Dois anos depois, minha esposa ficou gravida novamente e até o sexto mês tudo seguia bem. Nos mudamos nesse interim para a Alemanha. Já no primeiro exame pré-natal o médico percebeu que tinha algo diferente com a Sarah, nossa filha, e nos mandou marcar um ultrassom o quanto antes no hospital onde eles têm equipamentos melhores. Lá descobrimos uma má formação venosa no fígado que estava desviando o sangue “bom” (arterial, com oxigênio) de volta para o coração.
Os últimos meses de gravidez foram cheios de visitas ao hospital, oração e sem dúvida nervosismo. Até um determinado dia em que a médica que nos acompanhava pediu para a Juliana (minha esposa) ficar internada para ser monitorada diariamente. Me vi voltando para casa (60 km de distância do hospital) sozinho com o Christopher que mal tinha dois anos e meio, ainda tendo que trabalhar tempo integral em um país longe dos meus familiares (Brasil ou Canadá) e dos da minha esposa (Áustria e Brasil). Nosso Senhor nos deu a graça de viver um dia de cada vez.

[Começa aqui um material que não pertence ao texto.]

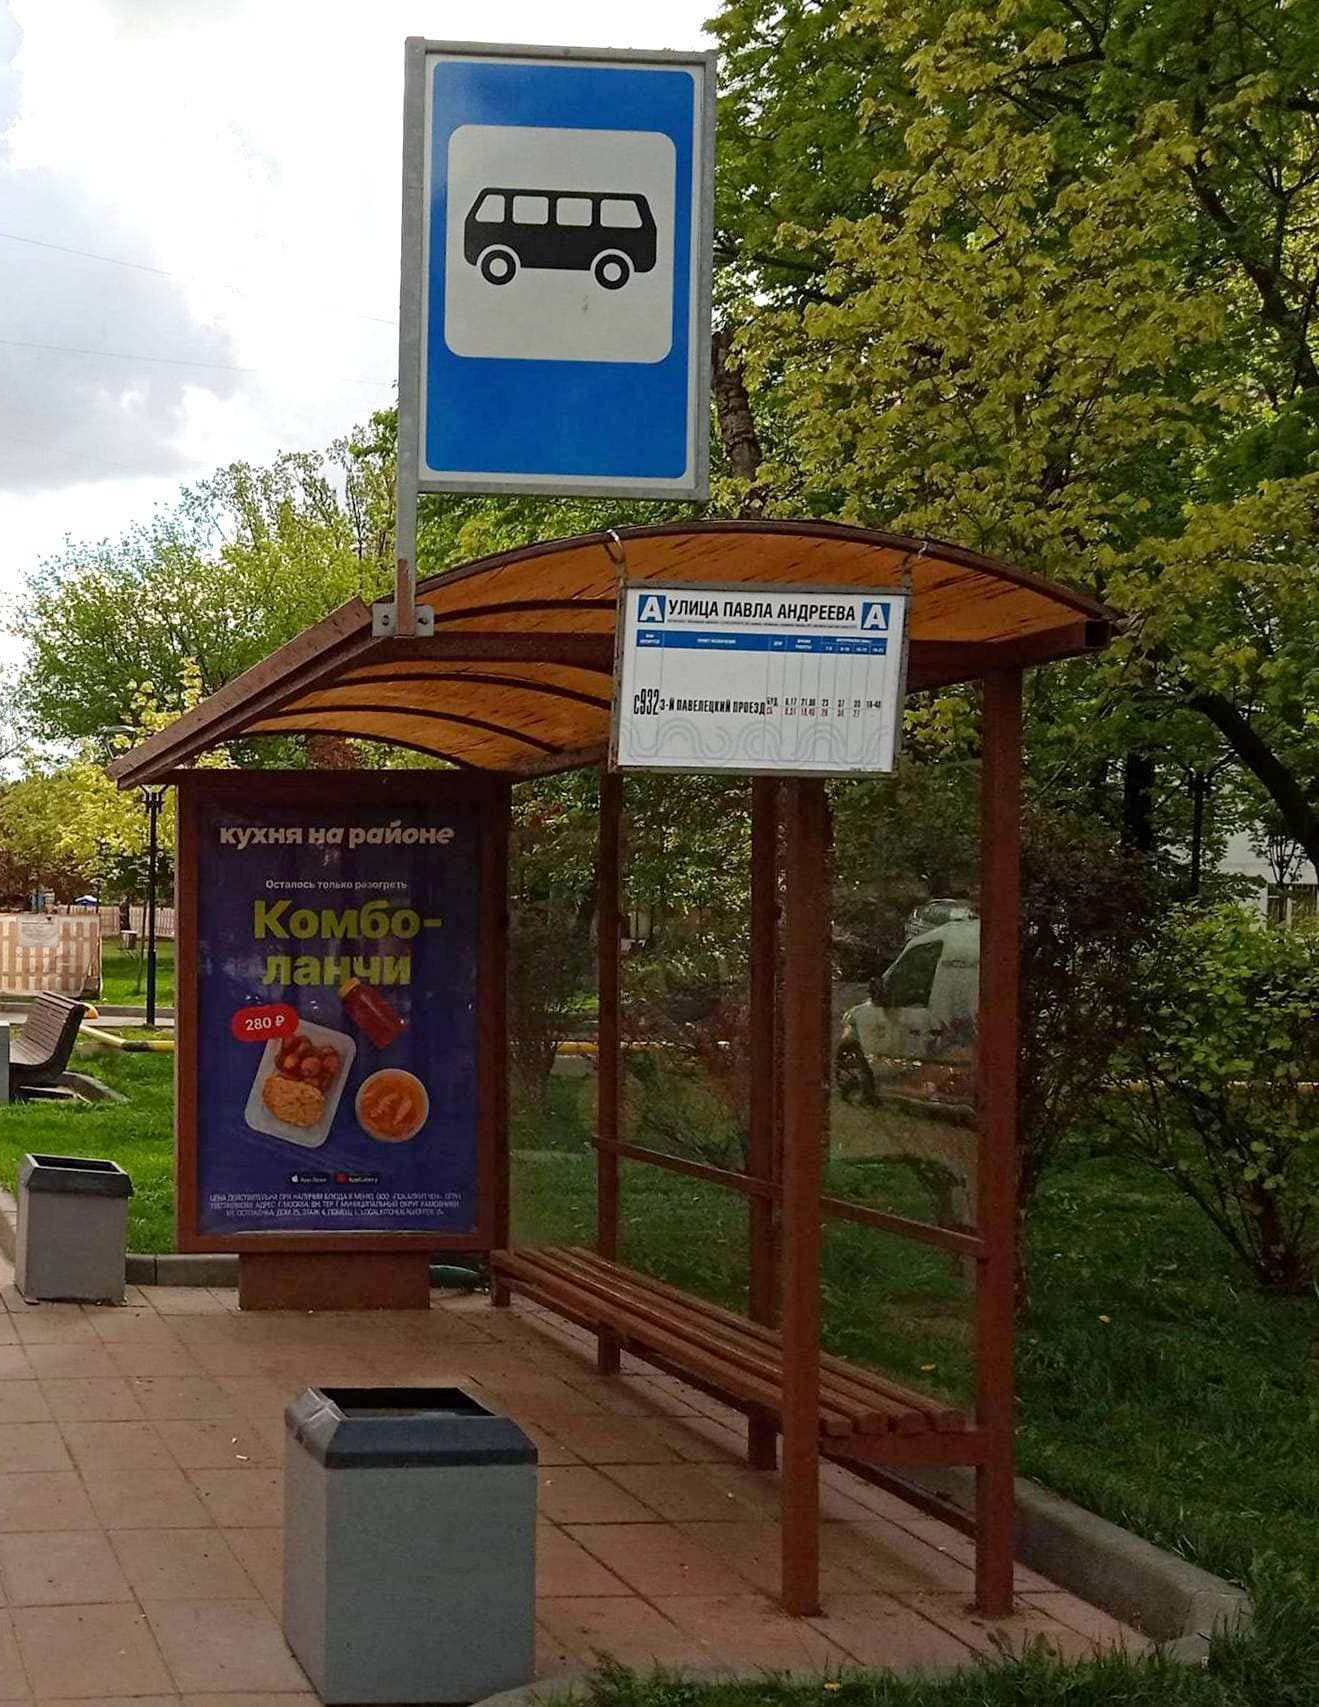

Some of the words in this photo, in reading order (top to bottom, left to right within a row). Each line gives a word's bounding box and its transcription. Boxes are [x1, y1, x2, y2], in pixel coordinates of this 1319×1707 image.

[669, 599, 719, 619] УЛИЦА
[723, 602, 773, 619] ПАВЛА
[777, 604, 856, 622] АНДРЕЕВА
[676, 698, 731, 714] ПАВЕЛЕЦКИЙ
[733, 701, 766, 716] ПРОЕЗД
[220, 826, 303, 850] кухня
[308, 826, 345, 844] на
[349, 820, 454, 849] районе
[265, 879, 315, 889] Осталось
[317, 880, 353, 889] только
[355, 880, 408, 891] разогреть
[254, 899, 442, 939] Комбо-
[263, 955, 411, 985] ланчи
[245, 1017, 272, 1031] 280

Os irmãos da Comunidade de Vida, mesmo morando quase do outro lado da Alemanha, se fizeram presentes e os irmãos da Aliança foram a nossa família nos ajudando em tudo.

Sim à vida
A médica ao perceber a má formação perguntou se teríamos considerado a possibilidade de um aborto e recebeu dois fortes “NÃO” antes mesmo de conseguir terminar a pergunta. Percebi que ela não esperava outra resposta da gente, porque ela via como eu normalmente me emocionava ao ver nossa bebê nos exames. Esse testemunho ficou marcado na memoria dela. Ela nos ligou alguns meses depois perguntando se poderia passar nosso contato para uma outra família brasileira na Alemanha que tinha acabado de receber o diagnóstico de Síndrome de Down e não queria abortar, para que pudéssemos ser um apoio para eles nesse momento.

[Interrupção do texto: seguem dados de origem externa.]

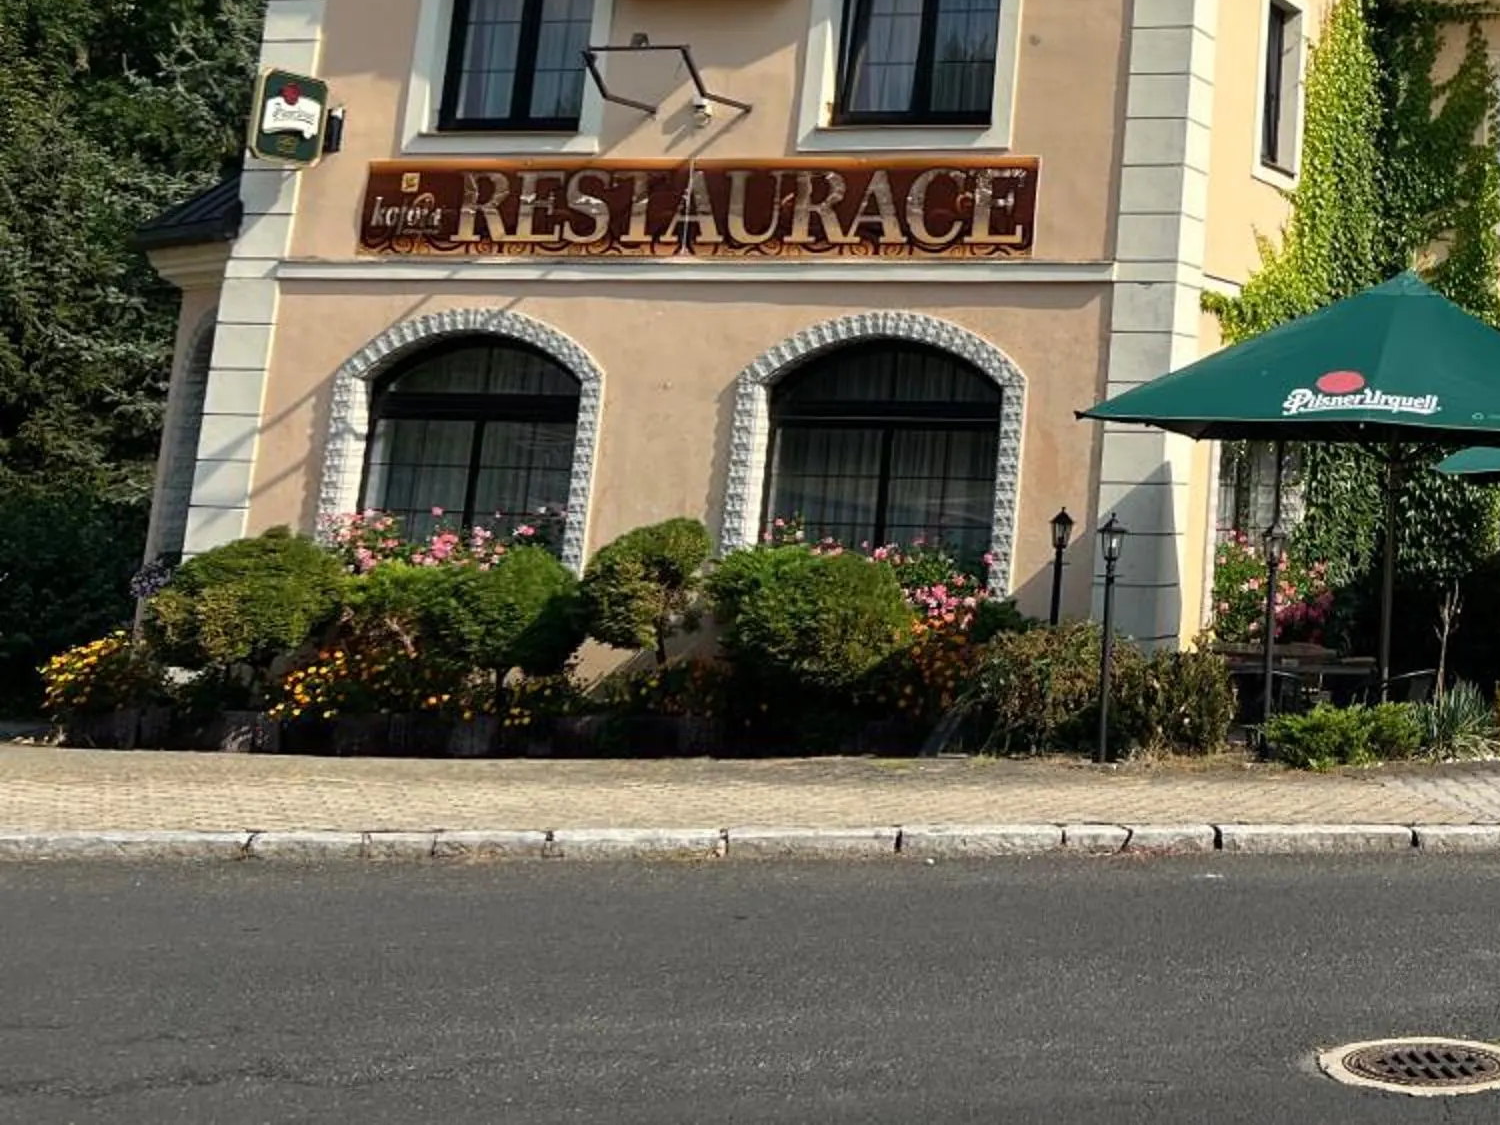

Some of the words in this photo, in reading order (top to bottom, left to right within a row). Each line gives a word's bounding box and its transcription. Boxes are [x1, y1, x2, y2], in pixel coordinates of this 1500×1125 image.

Nossa Sarinha nasceu com 35 semanas e descobrimos sua trissomia (Síndrome de Down) no dia do parto ao olhar para ela. Nesse mesmo tempo, os atrasos de desenvolvimento do Christopher já se faziam perceber mais claramente. A dificuldade em brincar com outras crianças da mesma idade, as poucas palavras que ele falava na sua maioria não eram funcionais e precisávamos de algum esforço para entender o que ele queria o que gerava frustração nele e em nós.
Somente no ano seguinte e depois de mais uma mudança de país, tivemos o diagnóstico de autismo moderado dele. As palavras da médica caiam pesadas no meu coração, à medida que ela falava das dificuldades próprias do autismo o que me vinha na mente era “muitas portas vão se fechar para ele, mas eu vou estar lá pra tentar abri-las com ele”. Se abria diante de mim mundo que me era totalmente novo, eu conhecia um pouco o mundo da Síndrome de Down, tenho uma irmã com Down, mas de autismo eu só conhecia os estereótipos seja dos “savants”, os super inteligentes bons em matemática ou dos que não falam e ficam se balançando nos cantos dos quartos (quantos filmes mostram essas imagens como os “loucos”).

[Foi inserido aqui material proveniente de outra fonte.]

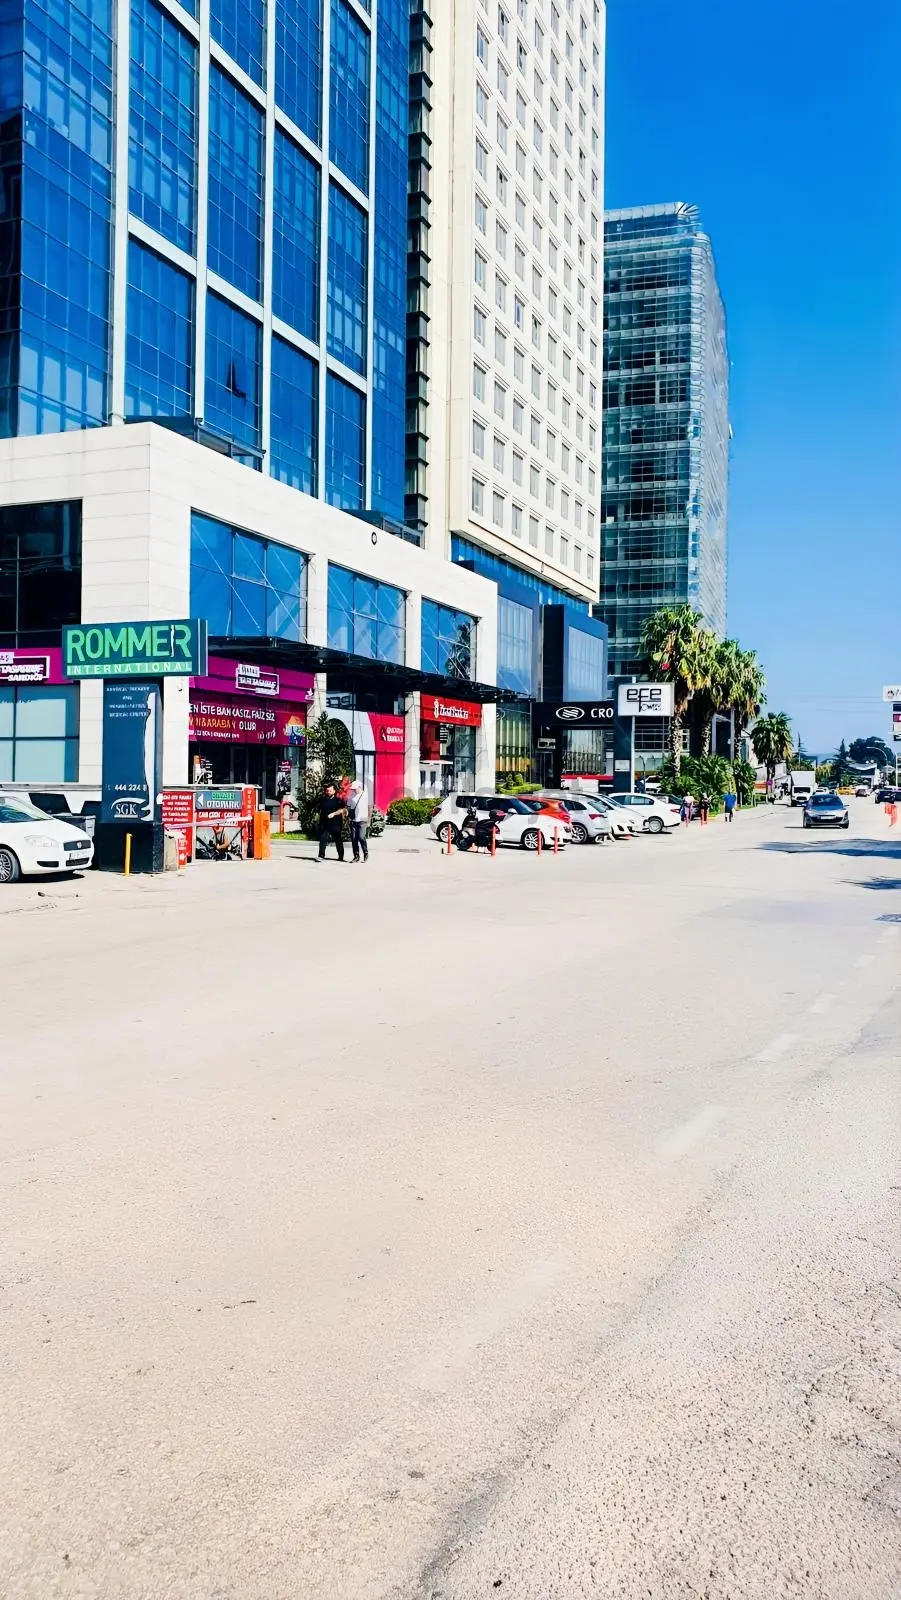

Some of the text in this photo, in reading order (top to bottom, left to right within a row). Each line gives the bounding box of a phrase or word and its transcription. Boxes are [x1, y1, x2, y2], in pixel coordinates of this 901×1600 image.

[67, 624, 192, 663] ROMMER
[67, 662, 192, 675] INTERNATIONAL
[200, 702, 216, 715] İSTE
[590, 708, 614, 718] CRO
[238, 720, 257, 731] OLUR
[114, 783, 127, 791] 444
[115, 803, 137, 815] SGK
[206, 800, 240, 809] OTOPARK

O Christopher nos surpreendeu, no dia do diagnóstico a médica me disse que talvez ele nunca aprendesse a falar. Ele aprendeu inglês na escola, fala bem e muito nessa língua, mas não parou ai, entende bem os avós que falam português e está na escola aqui em Viena conversando e escrevendo em alemão.

Pai de crianças especiais
Como ser pai de crianças especiais? Não sei. Vou vivendo cada dia celebrando as vitórias, tentando não se apoiar nas derrotas, esperando o inesperado e estimulando para que eles encontrem o potencial que eles conseguirem. A Sarah muito provavelmente nunca virá ser uma astronauta, mas poderá, quem sabe, ser enfermeira ou professora se tiver a ajuda e apoio. Christopher já provou que pode superar expectativas e há de surpreender muita gente ainda.
Todo esse texto para falar que Nosso Senhor acreditou em mim, na minha capacidade de amar sem cobrar nada em troca. Ele me ama e acredita em mim, Ele acredita que eu tenho potencial para, com a ajuda e a graça d´Ele, ser santo. Então eu abraço essa missão com todas as dificuldades e alegrias na certeza de que da mesma forma que eu não abandonarei meus filhos Ele não vai me abandonar.